## [BRIEF]
Each entry must be given again exactly; images do not belong in the copy.

─── EXERCISE MATERIALS ───

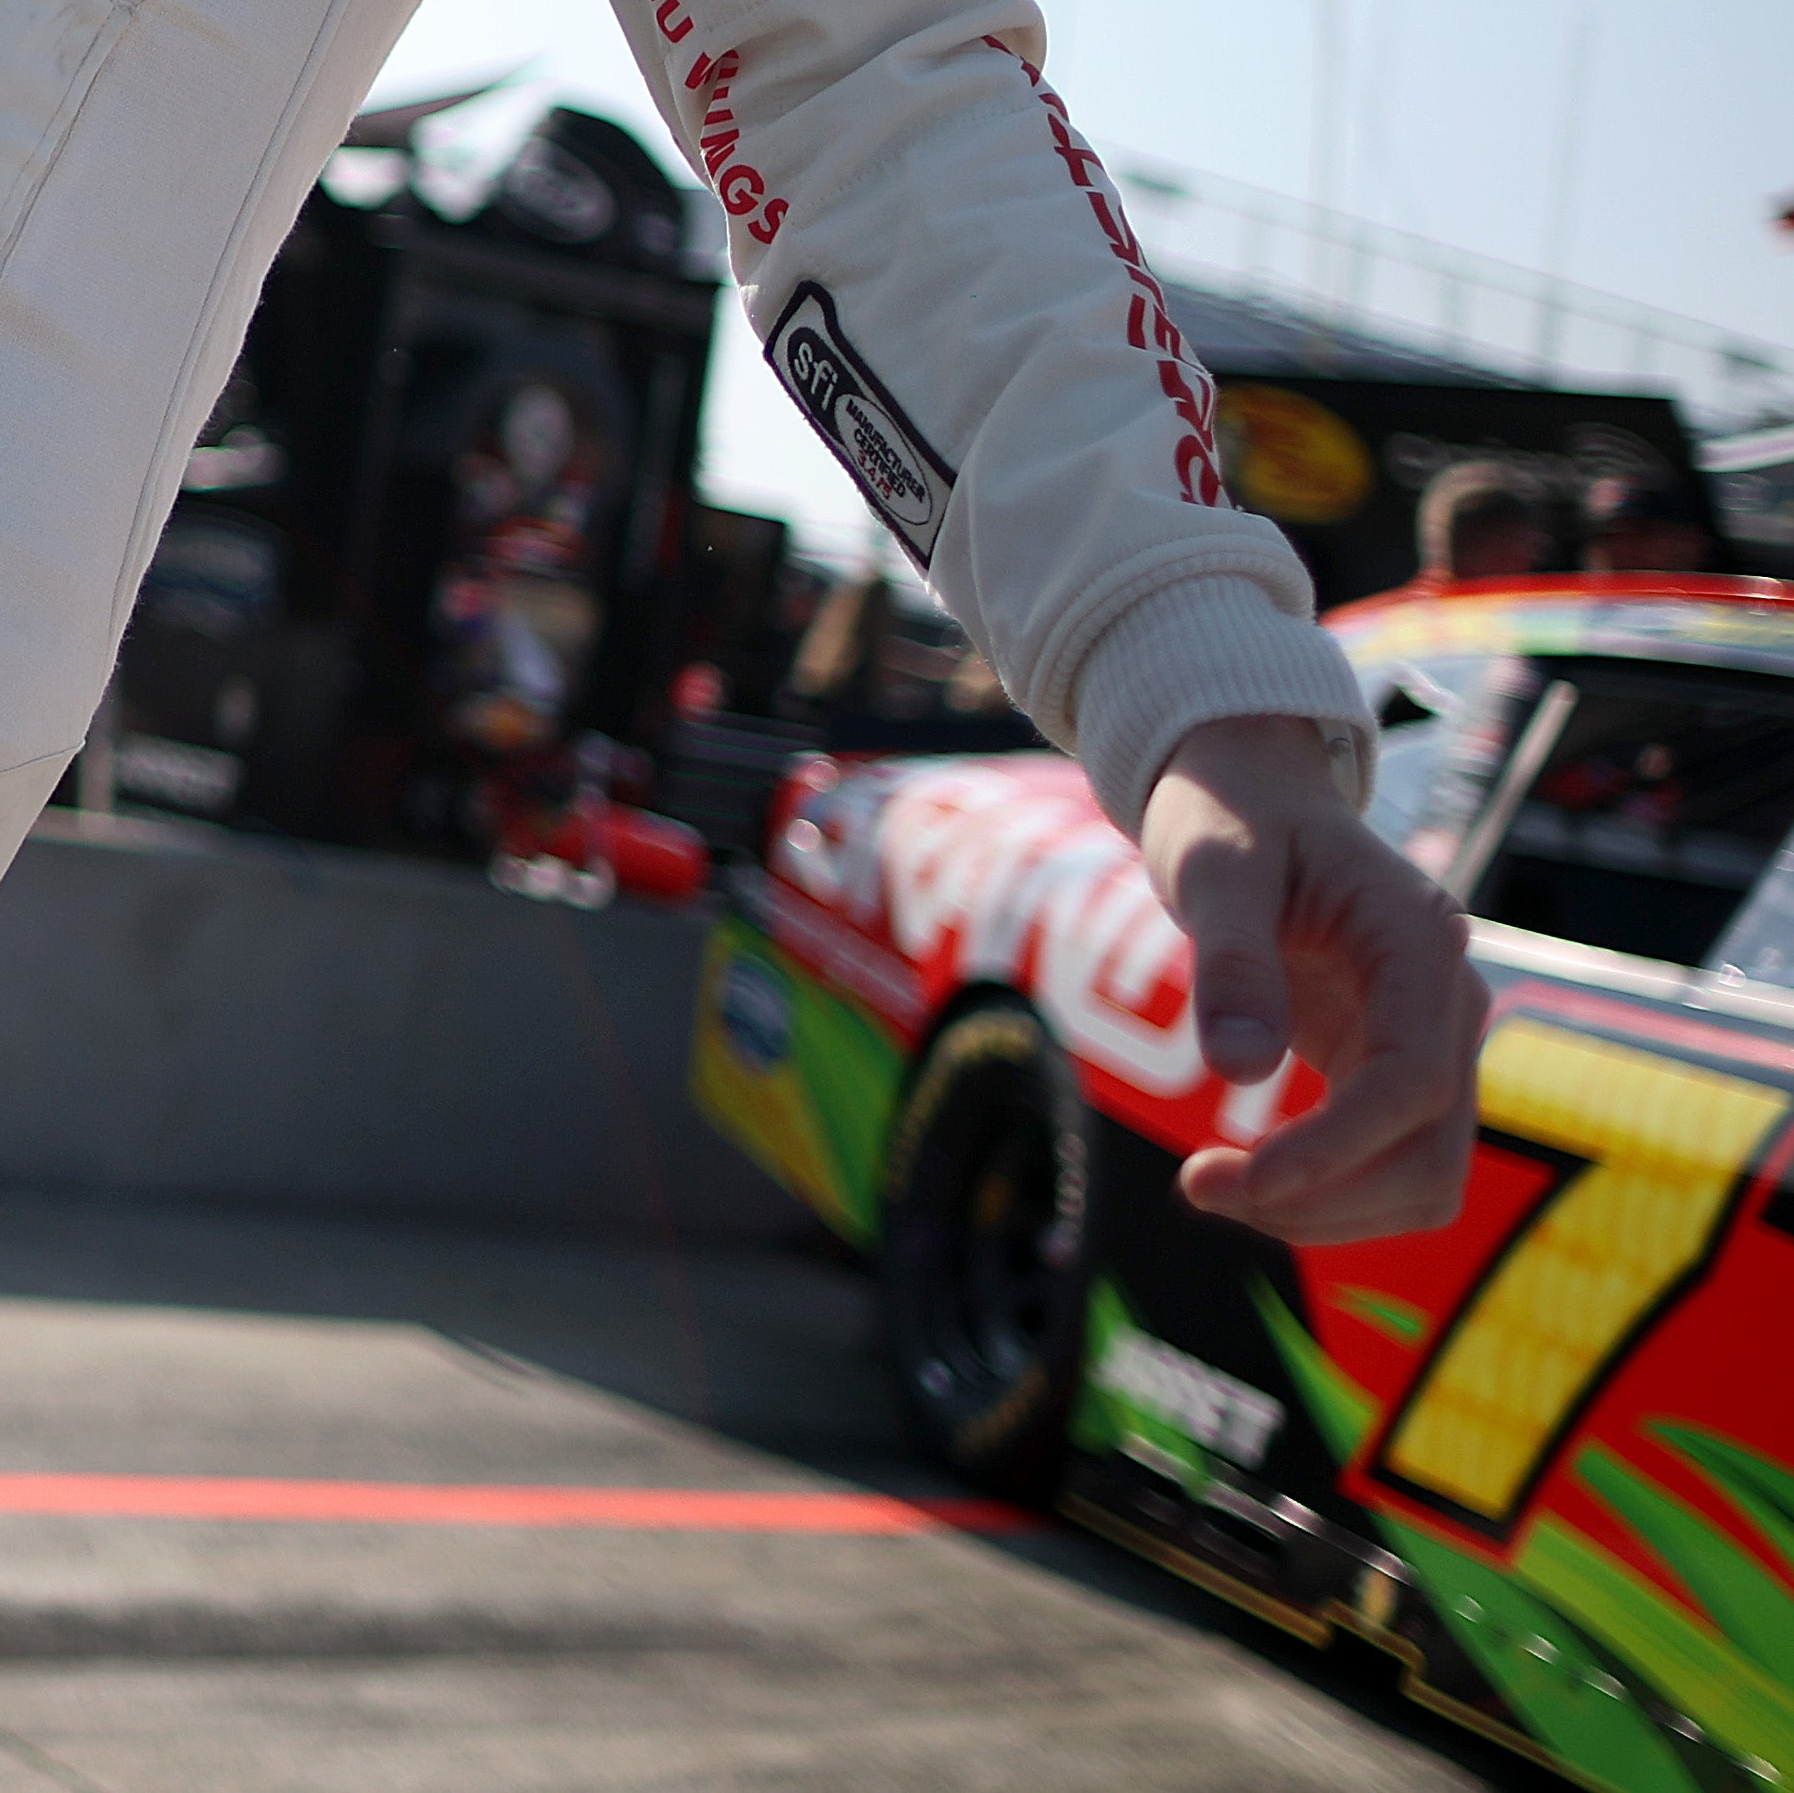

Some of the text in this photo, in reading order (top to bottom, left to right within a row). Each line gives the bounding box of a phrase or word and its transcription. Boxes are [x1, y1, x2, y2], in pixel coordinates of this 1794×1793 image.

[794, 341, 840, 412] sfi
[845, 398, 927, 504] MANUFACTURER
[853, 427, 906, 499] CERTIFIED
[1383, 1011, 1794, 1526] 7
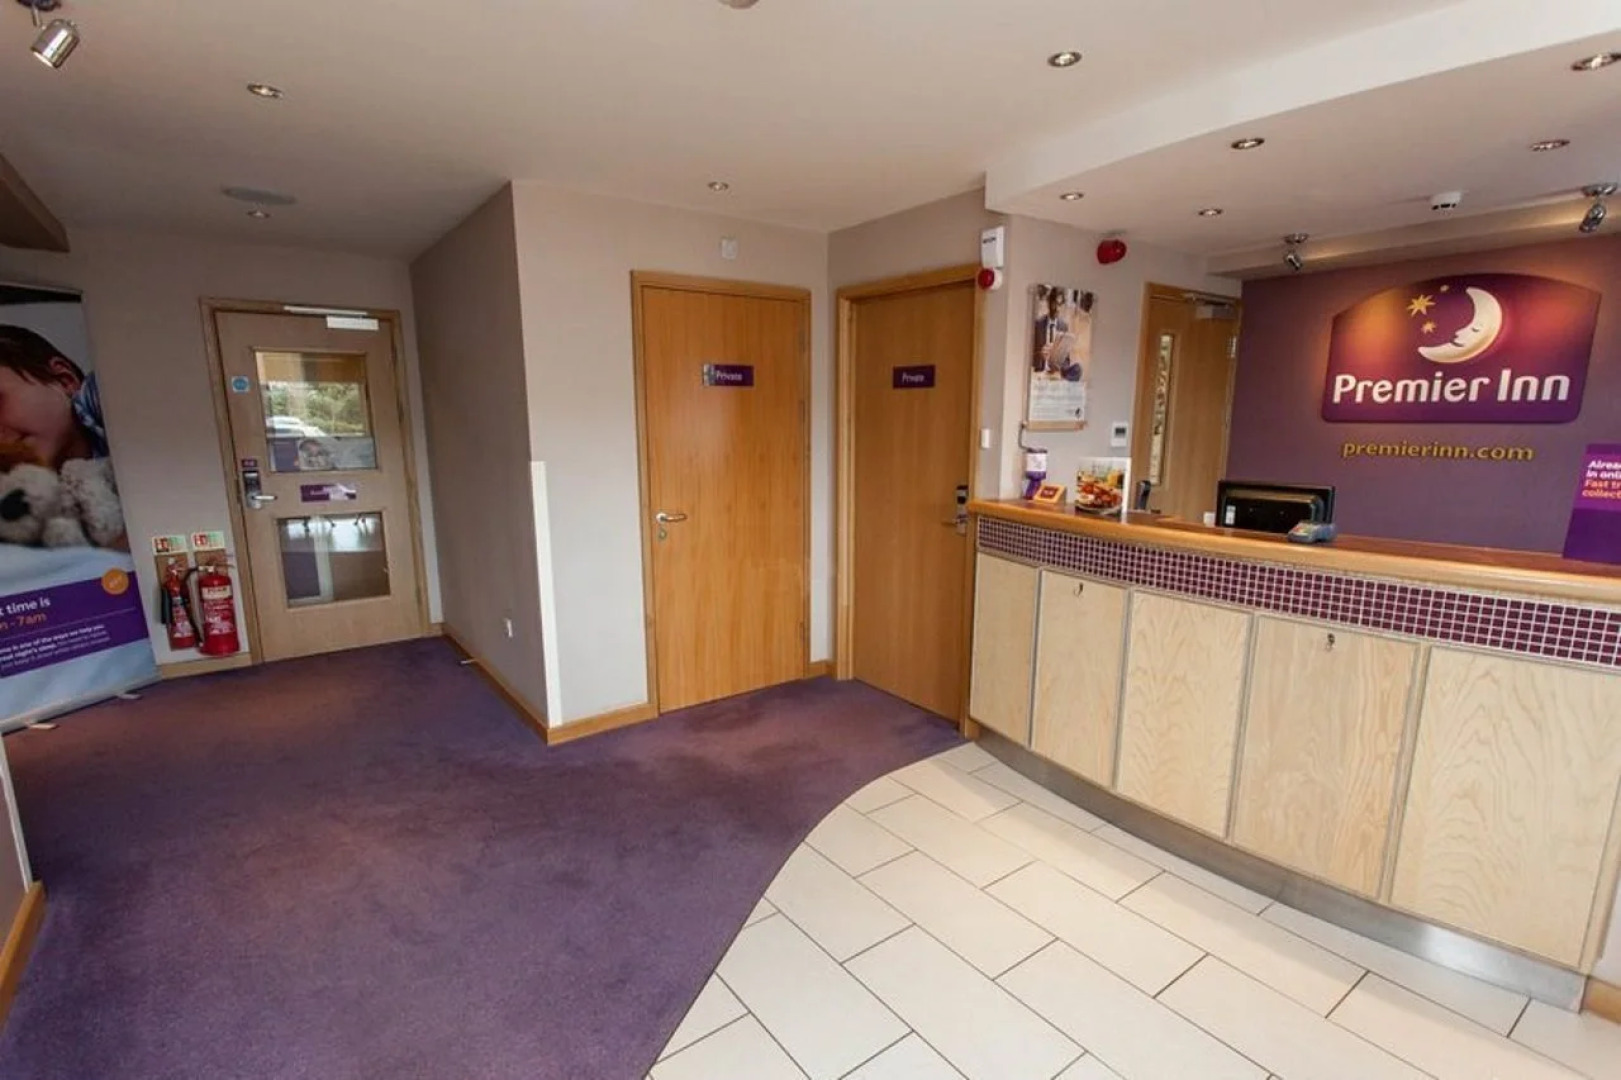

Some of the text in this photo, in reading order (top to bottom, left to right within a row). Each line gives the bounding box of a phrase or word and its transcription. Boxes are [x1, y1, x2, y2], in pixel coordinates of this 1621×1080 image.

[716, 370, 743, 381] Private
[902, 371, 925, 383] Private
[1332, 368, 1571, 404] Premier Inn
[1342, 440, 1535, 461] premierinn.com
[1584, 479, 1609, 488] Fast
[6, 600, 38, 614] time
[40, 597, 51, 608] is
[16, 613, 47, 626] 7am

───

## [EXERCISE SOLUTION]
Some of the text in this photo, in reading order (top to bottom, left to right within a row). Each line gives the bounding box of a phrase or word and its transcription. Boxes are [x1, y1, x2, y2], in pixel coordinates of this 1794×1793 image.

[794, 341, 840, 412] sfi
[845, 398, 927, 504] MANUFACTURER
[853, 427, 906, 499] CERTIFIED
[1383, 1011, 1794, 1526] 7

Some of the text in this photo, in reading order (top to bottom, left to right within a row). Each line gives the bounding box of a phrase or word and its transcription. Boxes are [x1, y1, x2, y2], in pixel coordinates of this 1621×1080 image.

[716, 370, 743, 381] Private
[902, 371, 925, 383] Private
[1332, 368, 1571, 404] Premier Inn
[1342, 440, 1535, 461] premierinn.com
[1584, 479, 1609, 488] Fast
[6, 600, 38, 614] time
[40, 597, 51, 608] is
[16, 613, 47, 626] 7am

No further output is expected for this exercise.